Rachel Bronson, the Bulletin’s president and chief executive, said in the statement that the decision to move the clock closer to midnight had not been taken lightly.

“We are living in a time of unprecedented danger, and the Doomsday Clock time reflects that reality,” Dr. Bronson said. “The U.S. government, its NATO allies and Ukraine have a multitude of channels for dialogue; we urge leaders to explore all of them to their fullest ability to turn back the clock.”

The Bulletin’s science and security board meets twice a year to discuss current events and determine whether the clock needs to be reset. The board includes several scientists and experts in nuclear technology and climate science. To decide the clock’s timing, the board looks at data, such as the number of nuclear weapons in the world, the amount of carbon dioxide in the atmosphere, the acidity of the oceans and the rate at which sea levels are rising.

The Doomsday Clock and its annual warnings about the imminency of annihilation have generated some skepticism over the years and prompted debate over its purpose.

Brad Evans, a professor of political violence at the University of Bath in Britain, said on Tuesday that the clock is “a frighteningly symbolic image for a world that’s continued to live within the shadow of annihilation.”

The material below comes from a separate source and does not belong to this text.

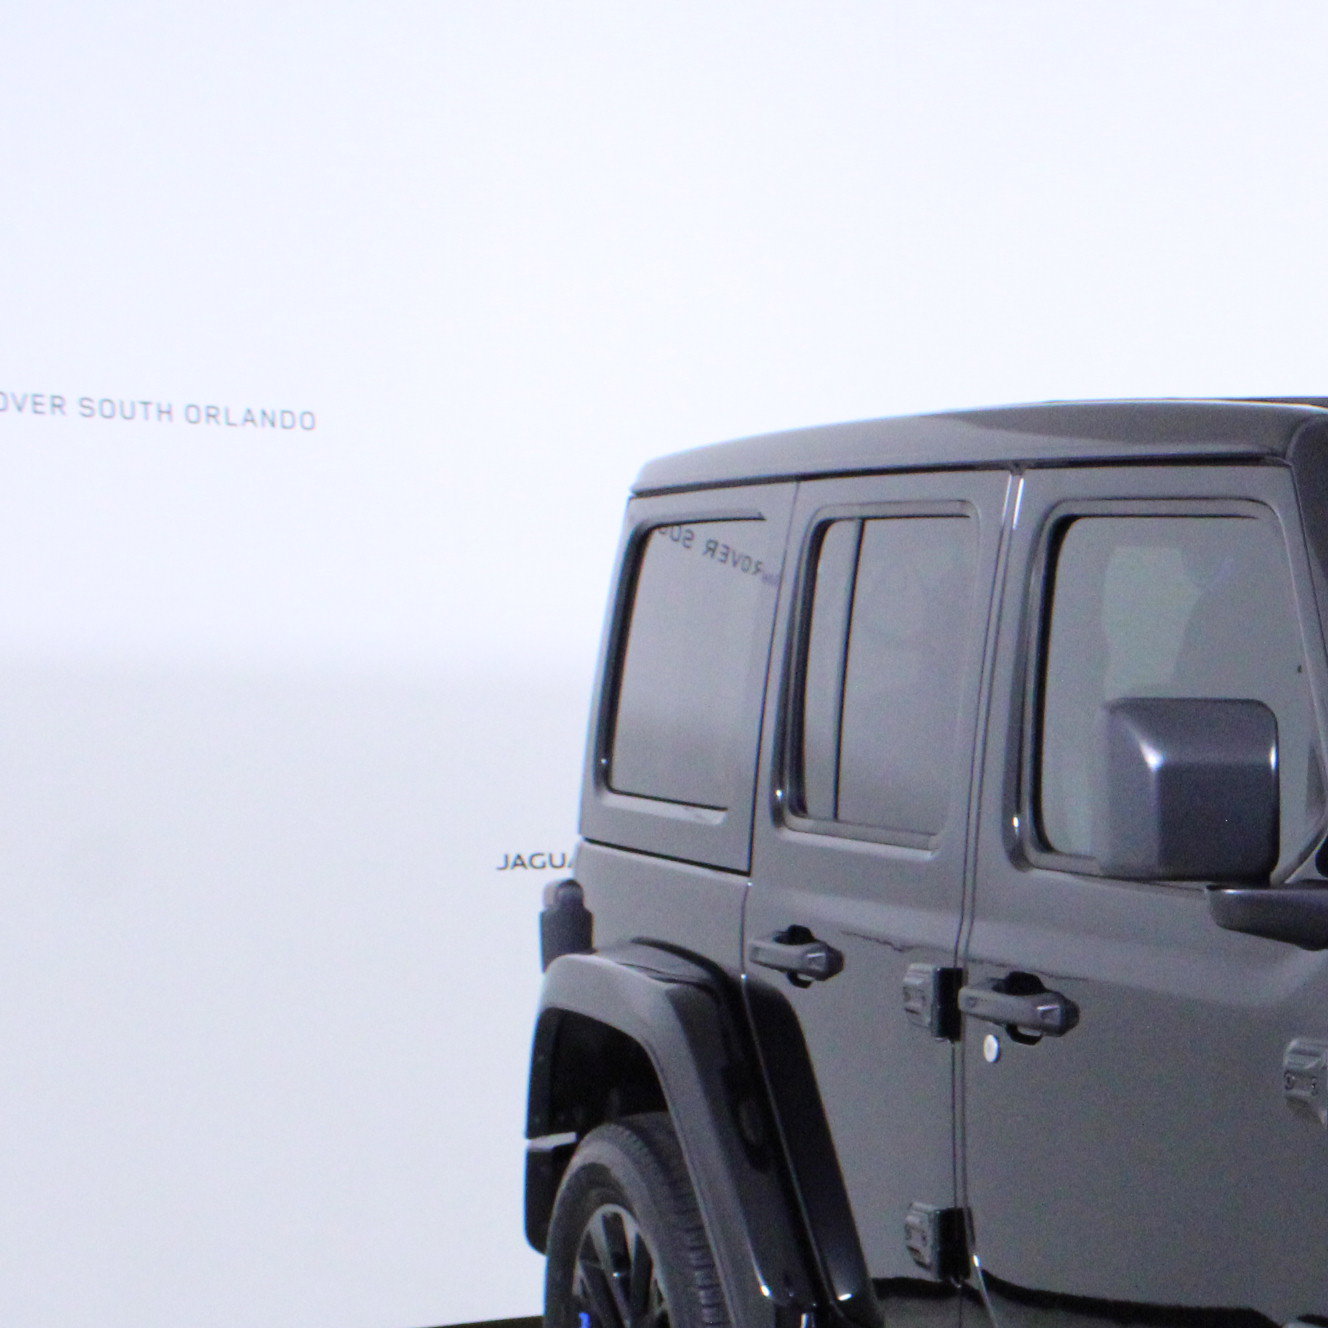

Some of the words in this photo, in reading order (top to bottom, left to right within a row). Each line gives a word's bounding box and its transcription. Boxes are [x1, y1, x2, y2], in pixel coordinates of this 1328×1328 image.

[78, 397, 173, 422] SOUTH
[185, 404, 316, 431] ORLANDO
[497, 852, 574, 870] JAGU
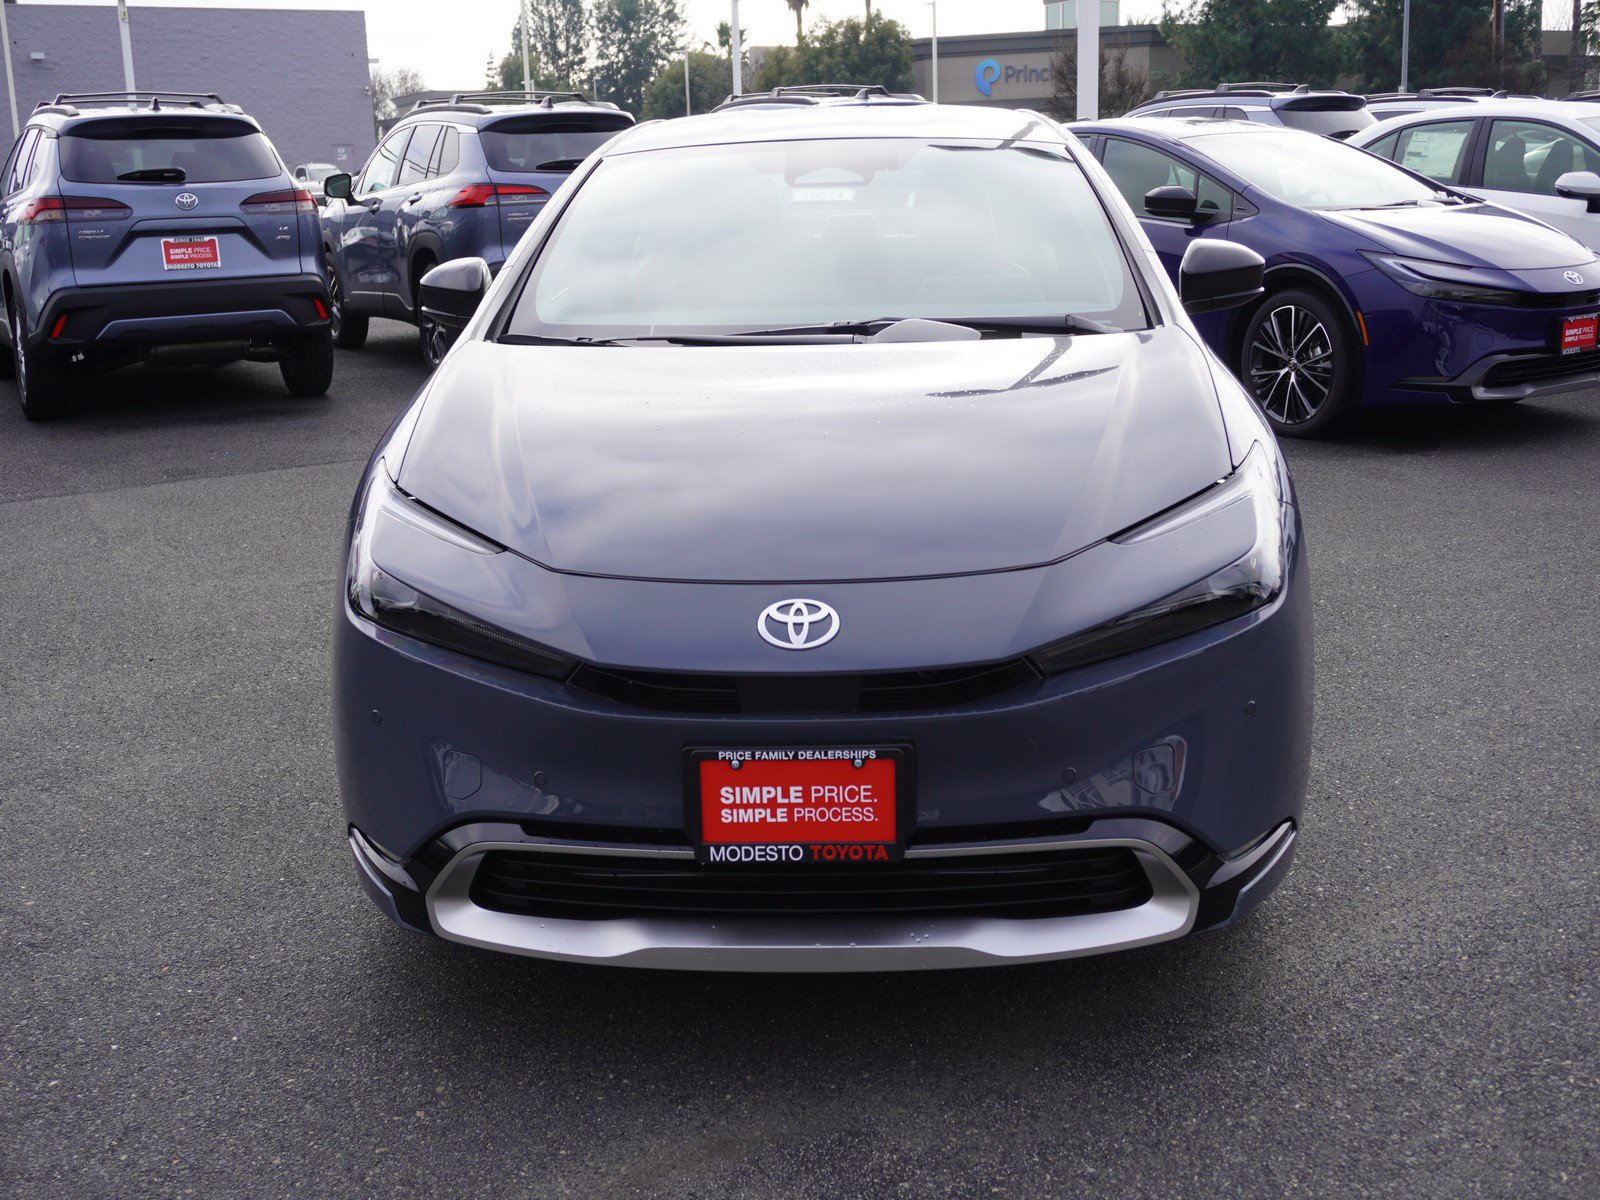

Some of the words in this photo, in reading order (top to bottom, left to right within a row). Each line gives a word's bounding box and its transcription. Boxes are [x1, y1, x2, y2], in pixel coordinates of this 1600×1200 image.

“Whilst this image has come to shape our politics — we do after all live in catastrophic times where the future looks like an endemic terrain of crisis — there are a number of problems with this particularly symbolic attempt to calculate the time that remains,” Professor Evans said.

Professor Evans noted that, during the Cuban missile crisis in 1962, “when the world was perilously close, arguably the closest it has ever been, to extinction,” the clock did not change.

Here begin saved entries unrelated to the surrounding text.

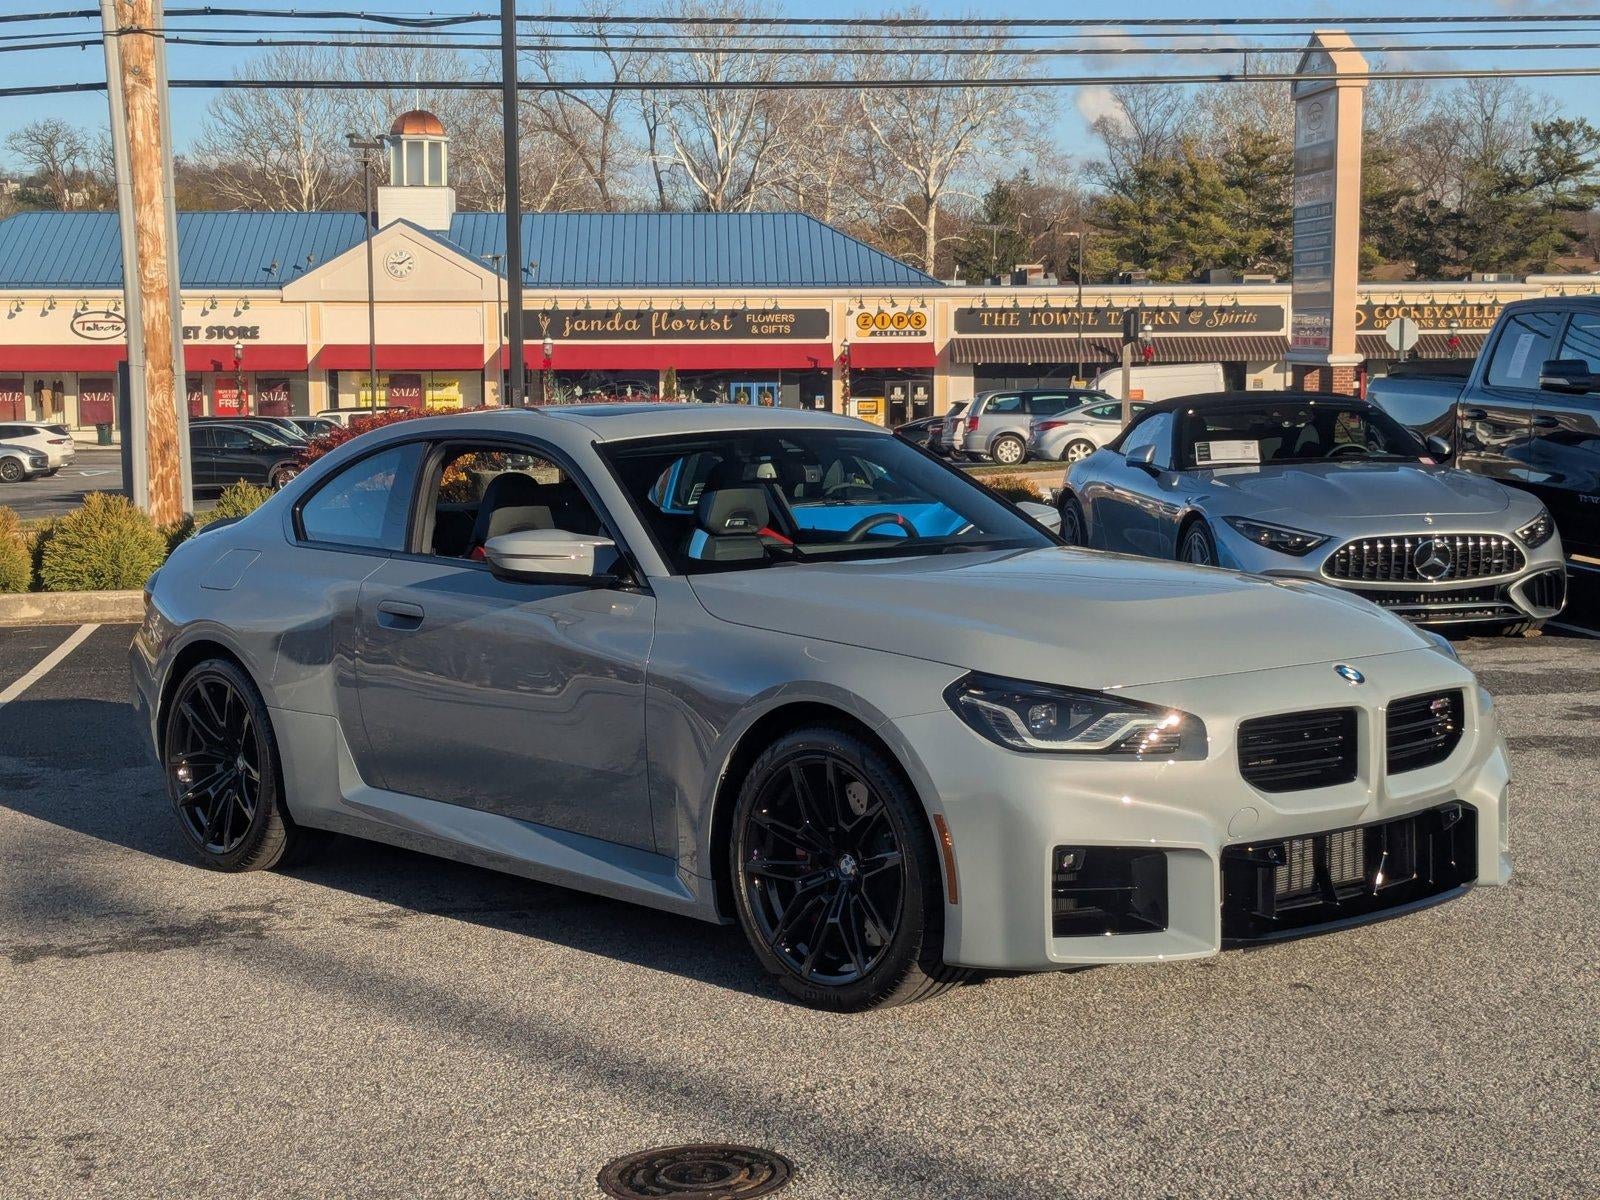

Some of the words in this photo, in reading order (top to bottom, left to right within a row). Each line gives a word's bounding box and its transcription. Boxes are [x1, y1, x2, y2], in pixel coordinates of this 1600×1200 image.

[746, 313, 796, 323] FLOWERS
[979, 311, 1020, 326] THE
[1028, 311, 1099, 326] TOWNE
[1187, 311, 1203, 325] &
[1205, 309, 1259, 328] Spirits
[1438, 319, 1447, 328] &
[75, 319, 123, 332] Talbots
[562, 313, 641, 337] janda
[651, 312, 733, 336] florist
[751, 325, 759, 334] &
[761, 325, 791, 334] GIFTS
[205, 326, 260, 340] STORE
[0, 391, 23, 402] ALE
[82, 391, 112, 402] SALE
[260, 391, 289, 402] SALE
[391, 386, 420, 398] SALE

The Bulletin has said that the clock’s hands were not changed during the crisis because “too little was known at the time about the circumstances of the standoff or what the outcome would be.”

The Bulletin has said that the clock “is not a forecasting tool” and that it does not predict the future. The clock is a symbol of threats to humanity, the Bulletin said, and each second does not represent how many years or decades the world is from apocalypse.

The first Doomsday Clock was set arbitrarily. Martyl Langsdorf, an artist who was asked to create a design for the cover of the 1947 edition of the Bulletin, decided to set the original clock at seven minutes to midnight because “it looked good to my eye,” according to the Bulletin.

The farthest the clock has been set from midnight was 17 minutes, in 1991 at the end of the Cold War.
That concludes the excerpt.